WHAT THE TASK ASKS
Leaving every picture out, repeat all of the entries below exactly.

Saved entries:
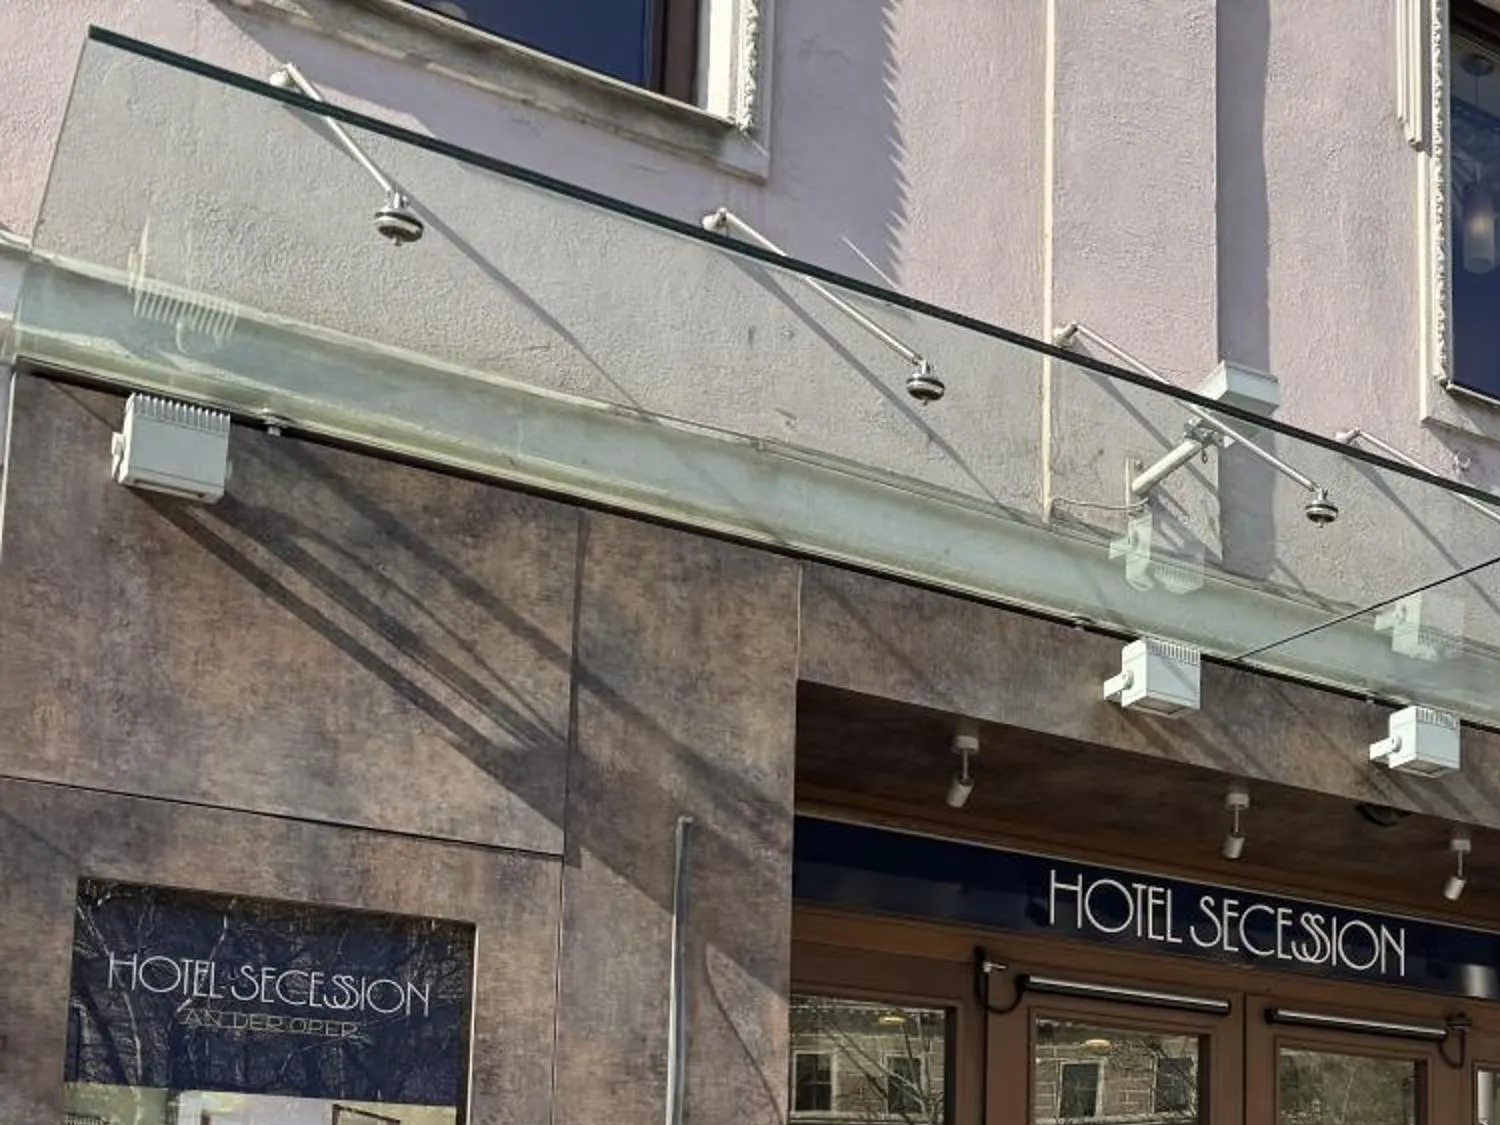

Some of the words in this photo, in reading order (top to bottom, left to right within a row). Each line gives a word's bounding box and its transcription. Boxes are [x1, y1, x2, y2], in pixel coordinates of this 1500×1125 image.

[1050, 869, 1183, 944] HOTEL
[1190, 895, 1405, 977] SECESSION
[108, 951, 224, 999] HOTEL
[231, 965, 430, 1017] SECESSION
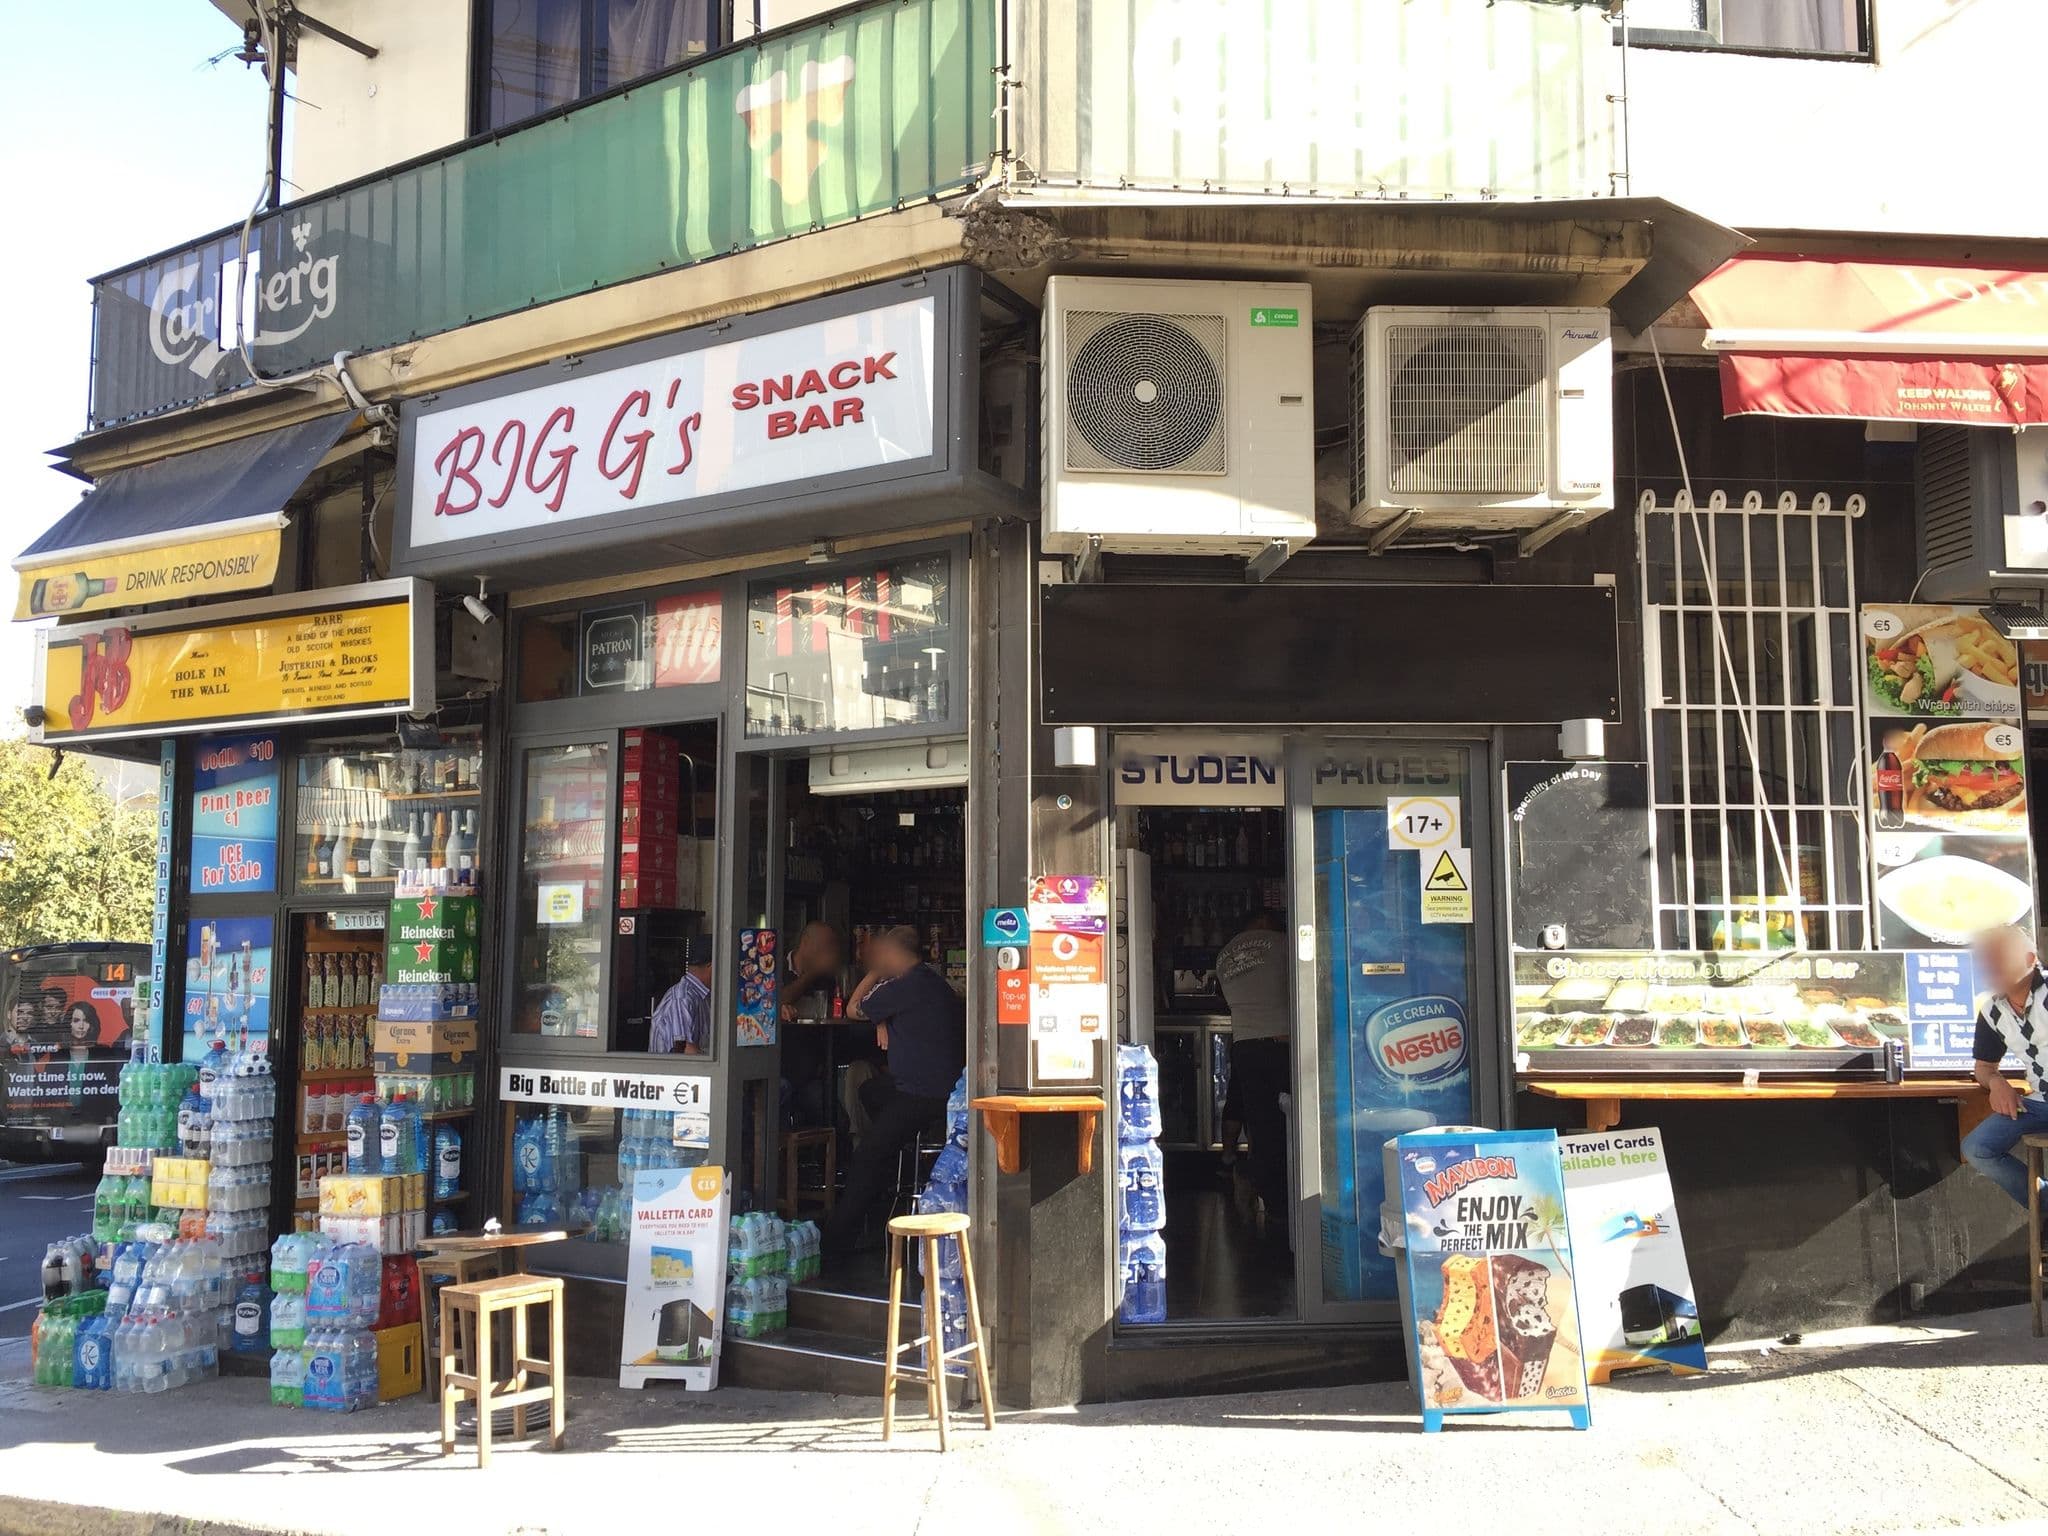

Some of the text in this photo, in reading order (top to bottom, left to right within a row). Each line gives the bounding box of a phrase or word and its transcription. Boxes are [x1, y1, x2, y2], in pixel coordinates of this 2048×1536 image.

[1562, 329, 1599, 339] Airwell
[732, 352, 897, 410] SNACK
[768, 398, 865, 440] BAR
[434, 378, 702, 517] BIG G's
[126, 554, 259, 591] DRINK RESPONSIBLY
[314, 613, 343, 627] RARE
[1873, 620, 1890, 631] €5
[175, 666, 226, 682] HOLE IN
[171, 683, 230, 699] THE WALL
[1917, 699, 2016, 713] Wrap with chips
[1995, 735, 2012, 746] €5
[201, 787, 271, 814] Pint Beer
[1513, 768, 1602, 822] Speciality of the Day
[225, 810, 240, 828] €1
[1406, 816, 1443, 833] 17+
[219, 843, 243, 865] ICE
[202, 860, 262, 886] For Sale
[400, 925, 455, 939] Heineken
[106, 964, 125, 982] 14
[397, 969, 451, 983] Heineken
[1815, 958, 1859, 979] Bar
[1001, 992, 1026, 1001] Top-up
[1006, 1002, 1022, 1010] here
[1383, 1004, 1446, 1028] ICE CREAM
[30, 1045, 59, 1054] STARS
[1383, 1025, 1462, 1067] Nestlé
[8, 1071, 107, 1083] Your time is now.
[8, 1086, 44, 1097] Watch
[45, 1085, 81, 1096] series
[82, 1086, 98, 1096] on
[509, 1074, 700, 1106] Big Bottle of Water €1
[1566, 1135, 1655, 1154] Travel Cards
[1562, 1151, 1658, 1171] ailable here
[1423, 1156, 1518, 1209] MAXIBON
[638, 1208, 713, 1221] VALLETTA CARD
[1457, 1195, 1522, 1222] ENJOY
[1464, 1224, 1482, 1236] THE
[1486, 1223, 1529, 1249] MIX
[1441, 1238, 1484, 1251] PERFECT
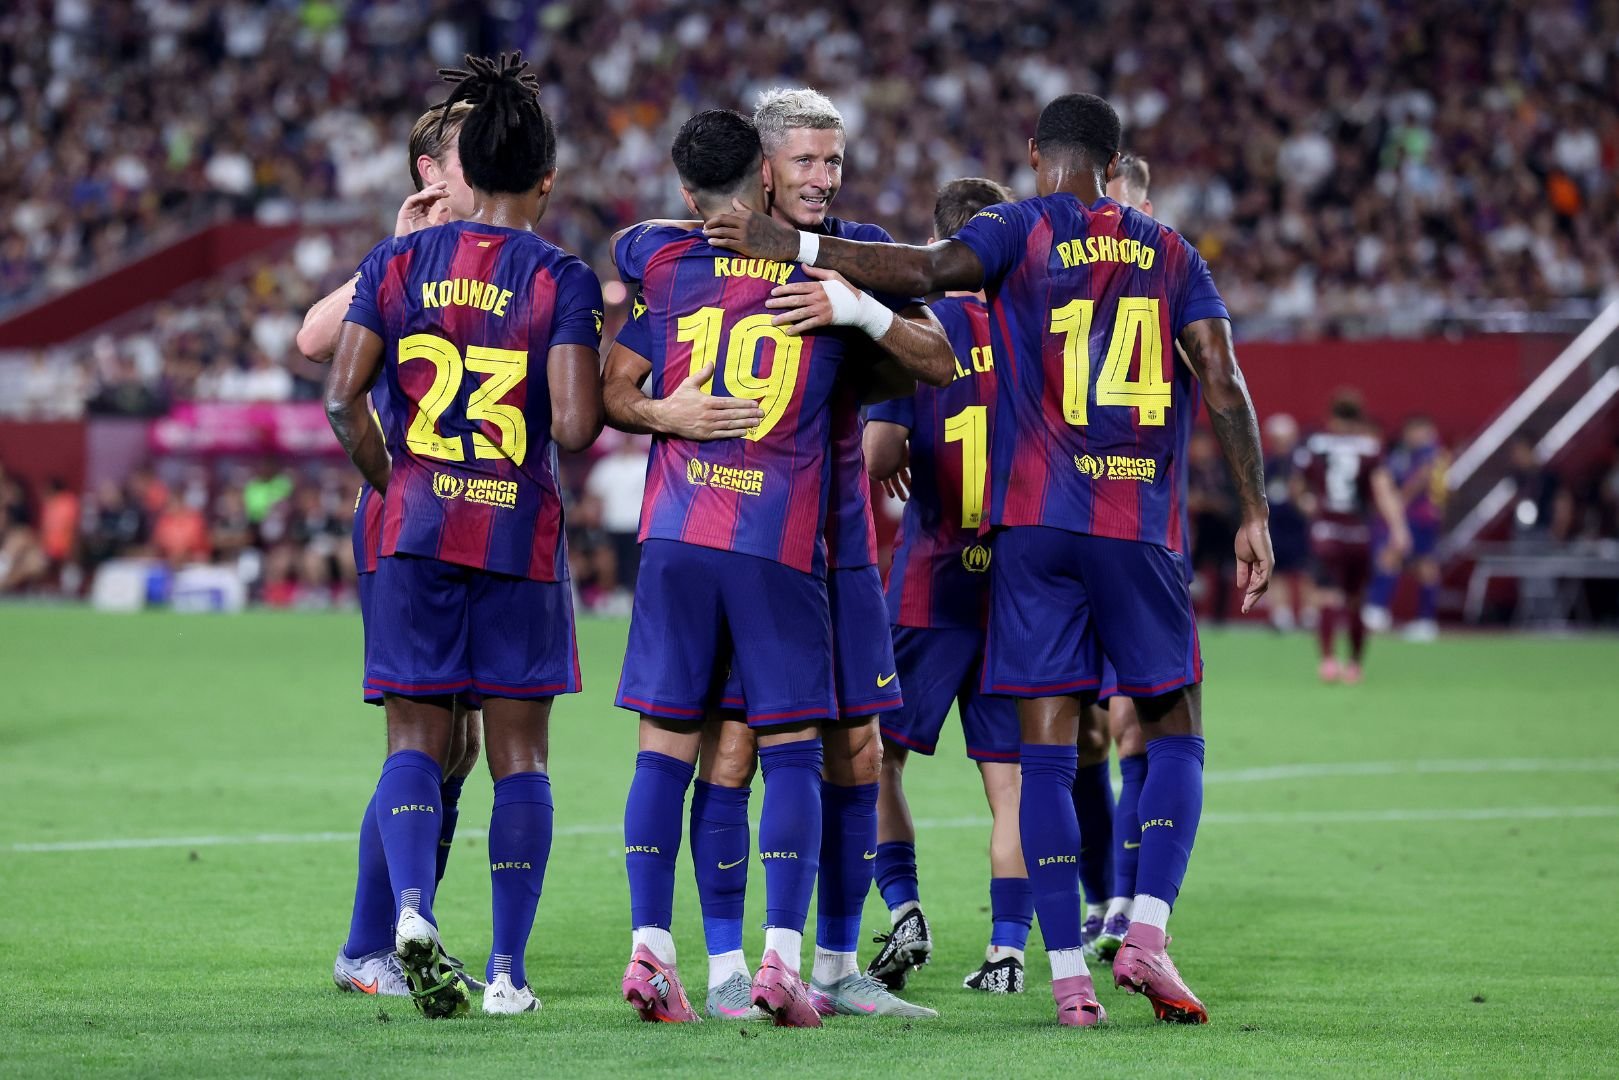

RESULT FOR THIS TASK
Some of the words in this photo, in reading order (top to bottom, left to right within a row). Each line gives a word's bounding box and its transcription. Boxes are [x1, y1, x2, y2], in pixel coordinates of this 1500×1125 image.

[1050, 869, 1183, 944] HOTEL
[1190, 895, 1405, 977] SECESSION
[108, 951, 224, 999] HOTEL
[231, 965, 430, 1017] SECESSION

Some of the text in this photo, in reading order (top to bottom, left to right within a row). Each line gives the bounding box of a phrase or word and its transcription. Boxes are [x1, y1, x2, y2], in pixel coordinates of this 2048×1536 image.

[1562, 329, 1599, 339] Airwell
[732, 352, 897, 410] SNACK
[768, 398, 865, 440] BAR
[434, 378, 702, 517] BIG G's
[126, 554, 259, 591] DRINK RESPONSIBLY
[314, 613, 343, 627] RARE
[1873, 620, 1890, 631] €5
[175, 666, 226, 682] HOLE IN
[171, 683, 230, 699] THE WALL
[1917, 699, 2016, 713] Wrap with chips
[1995, 735, 2012, 746] €5
[201, 787, 271, 814] Pint Beer
[1513, 768, 1602, 822] Speciality of the Day
[225, 810, 240, 828] €1
[1406, 816, 1443, 833] 17+
[219, 843, 243, 865] ICE
[202, 860, 262, 886] For Sale
[400, 925, 455, 939] Heineken
[106, 964, 125, 982] 14
[397, 969, 451, 983] Heineken
[1815, 958, 1859, 979] Bar
[1001, 992, 1026, 1001] Top-up
[1006, 1002, 1022, 1010] here
[1383, 1004, 1446, 1028] ICE CREAM
[30, 1045, 59, 1054] STARS
[1383, 1025, 1462, 1067] Nestlé
[8, 1071, 107, 1083] Your time is now.
[8, 1086, 44, 1097] Watch
[45, 1085, 81, 1096] series
[82, 1086, 98, 1096] on
[509, 1074, 700, 1106] Big Bottle of Water €1
[1566, 1135, 1655, 1154] Travel Cards
[1562, 1151, 1658, 1171] ailable here
[1423, 1156, 1518, 1209] MAXIBON
[638, 1208, 713, 1221] VALLETTA CARD
[1457, 1195, 1522, 1222] ENJOY
[1464, 1224, 1482, 1236] THE
[1486, 1223, 1529, 1249] MIX
[1441, 1238, 1484, 1251] PERFECT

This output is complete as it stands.